Resolução em vigor inclui itens sem registro, com alegações terapêuticas indevidas e problemas sanitários; agência também orienta consumidores a checar a regularização antes da compra

23/03/2026 às 10:44 por Redação Plox

A Agência Nacional de Vigilância Sanitária (Anvisa) vem intensificando ações para barrar a circulação de produtos irregulares no Brasil. As medidas incluem a suspensão de comercialização, distribuição, fabricação, propaganda e uso quando há ausência de registro, irregularidades sanitárias ou alegações terapêuticas indevidas — situações que podem representar risco à saúde.

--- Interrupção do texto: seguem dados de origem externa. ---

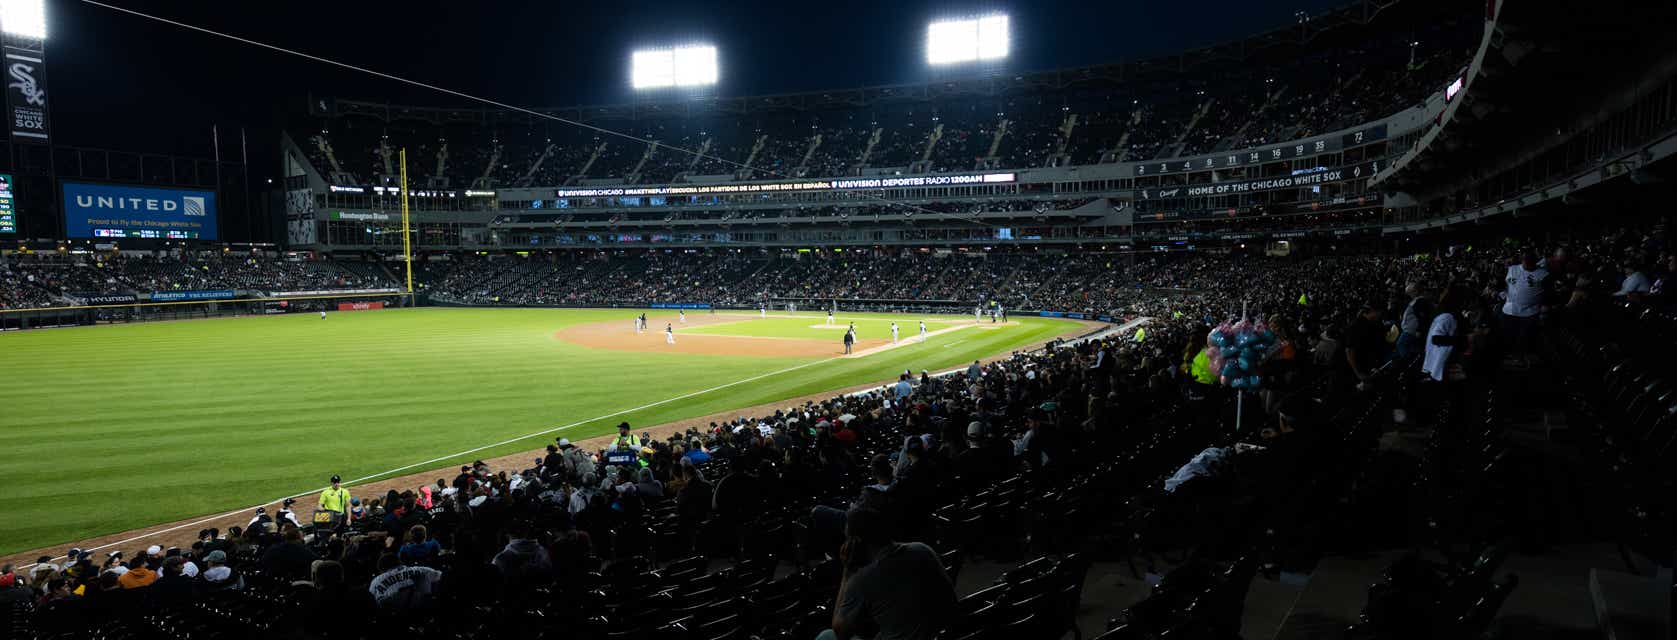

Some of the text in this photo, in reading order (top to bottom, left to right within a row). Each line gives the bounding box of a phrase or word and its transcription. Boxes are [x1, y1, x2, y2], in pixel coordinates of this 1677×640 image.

Em um comunicado publicado no portal oficial da agência, a Anvisa informou que determinou o recolhimento de dezenas de cosméticos que deveriam ser registrados, mas estavam apenas notificados — um procedimento permitido apenas para itens de menor risco. Com isso, também ficou suspensa a comercialização, a distribuição, a fabricação, a propaganda e o uso desses produtos.


Resolução da Anvisa proíbe venda e determina recolhimento de itens sem registro ou com irregularidades

Resolução da Anvisa proíbe venda e determina recolhimento de itens sem registro ou com irregularidades

Foto: Valter Campanato/Agência Brasil


Cosméticos com alegações terapêuticas entram na mira

No mesmo comunicado, a Anvisa destacou ainda casos de produtos vendidos como cosméticos, mas divulgados com promessas de atividade farmacológica — o que não é permitido para essa categoria. Entre os exemplos citados, aparece “óleo de girassol ozonizado”, listado em ações de fiscalização envolvendo a marca Ozonteck, com determinação de recolhimento e suspensão.

Barreira sanitária também alcança itens sem registro no país

Já em 2026, a Anvisa divulgou outra ação de barreira sanitária envolvendo produtos sem registro no Brasil. Segundo a agência, dispositivos médicos fabricados por uma empresa estrangeira foram alvo de medida após laudo de análise fiscal apontar resultado insatisfatório e, além disso, por não possuírem registro no país — situação considerada infração sanitária.

Orientação ao consumidor: checar registro e desconfiar de promessas

A Anvisa orienta que consumidores redobrem a atenção antes da compra, verificando se o produto tem registro ou regularização válida, especialmente quando houver promessa de efeito terapêutico. A agência ressalta que itens irregulares não oferecem garantia de qualidade, segurança e eficácia e, por isso, não recomenda o uso.